Supplied records:
——

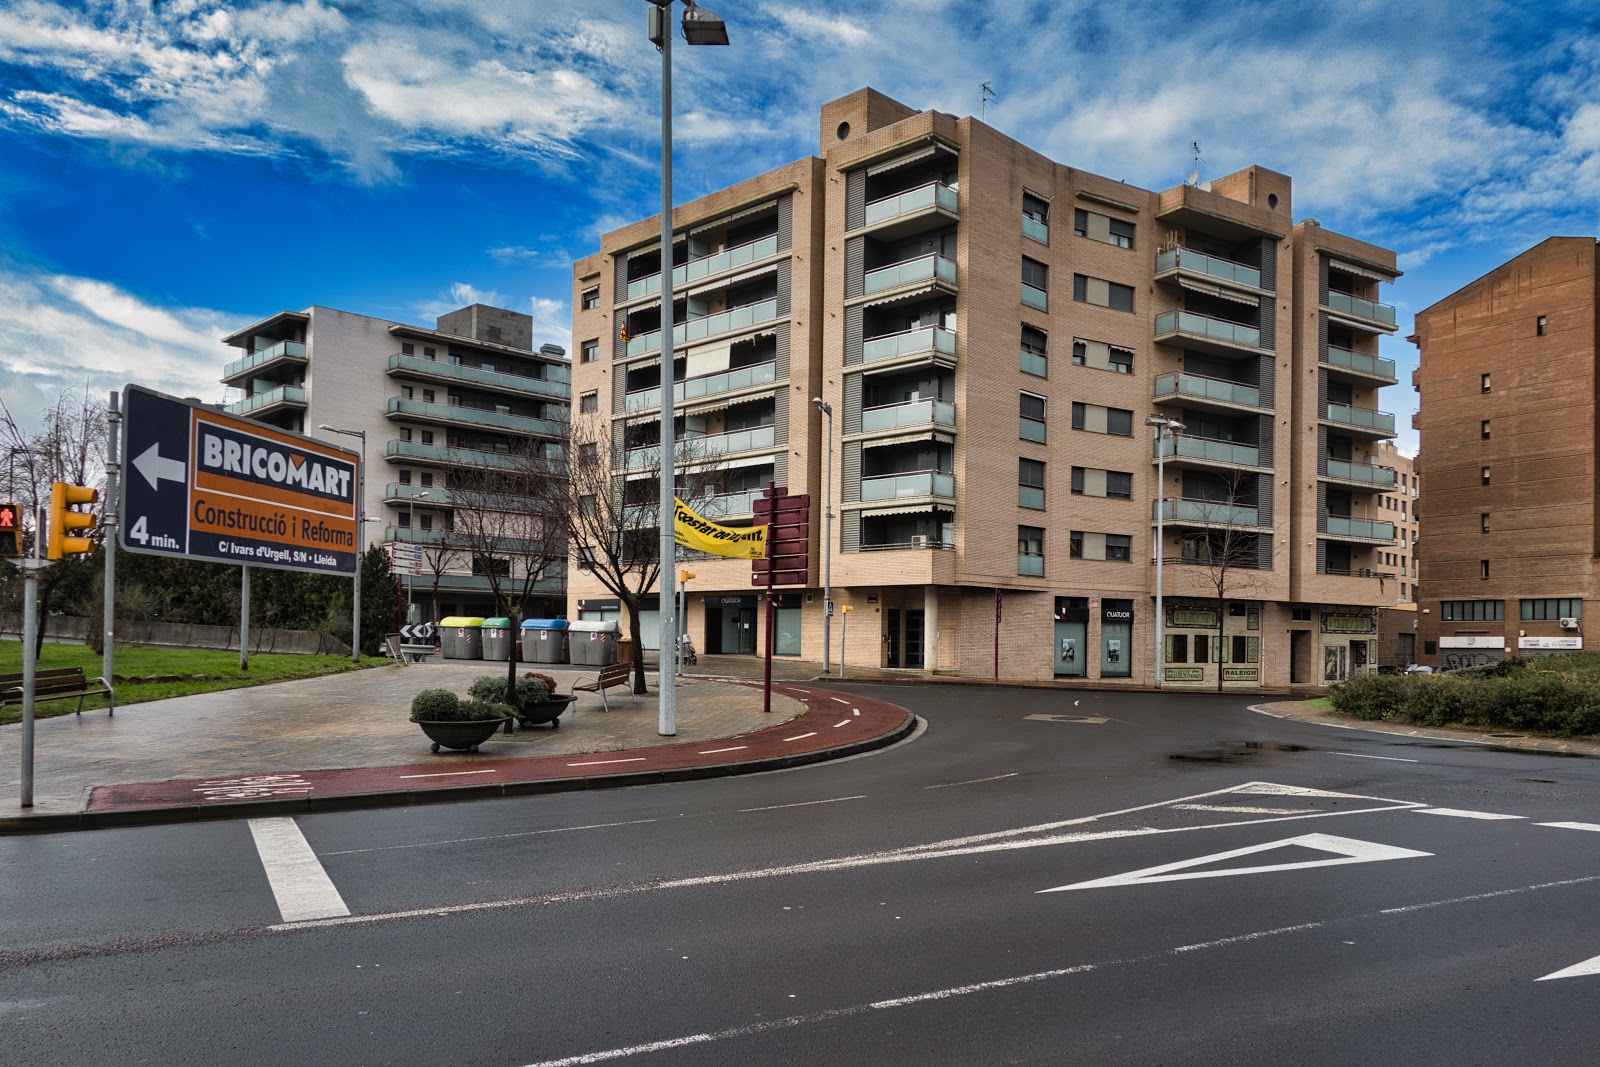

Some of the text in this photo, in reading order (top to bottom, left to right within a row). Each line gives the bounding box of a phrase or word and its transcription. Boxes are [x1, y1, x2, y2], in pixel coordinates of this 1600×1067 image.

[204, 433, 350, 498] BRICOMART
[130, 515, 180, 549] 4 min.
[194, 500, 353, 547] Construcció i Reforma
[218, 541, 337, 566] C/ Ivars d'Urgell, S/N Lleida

——

Aim of the exercise:
Print every entry above verbatim but drop the images.

Expected answer:
Some of the text in this photo, in reading order (top to bottom, left to right within a row). Each line gives the bounding box of a phrase or word and its transcription. Boxes are [x1, y1, x2, y2], in pixel coordinates of this 1600×1067 image.

[204, 433, 350, 498] BRICOMART
[130, 515, 180, 549] 4 min.
[194, 500, 353, 547] Construcció i Reforma
[218, 541, 337, 566] C/ Ivars d'Urgell, S/N Lleida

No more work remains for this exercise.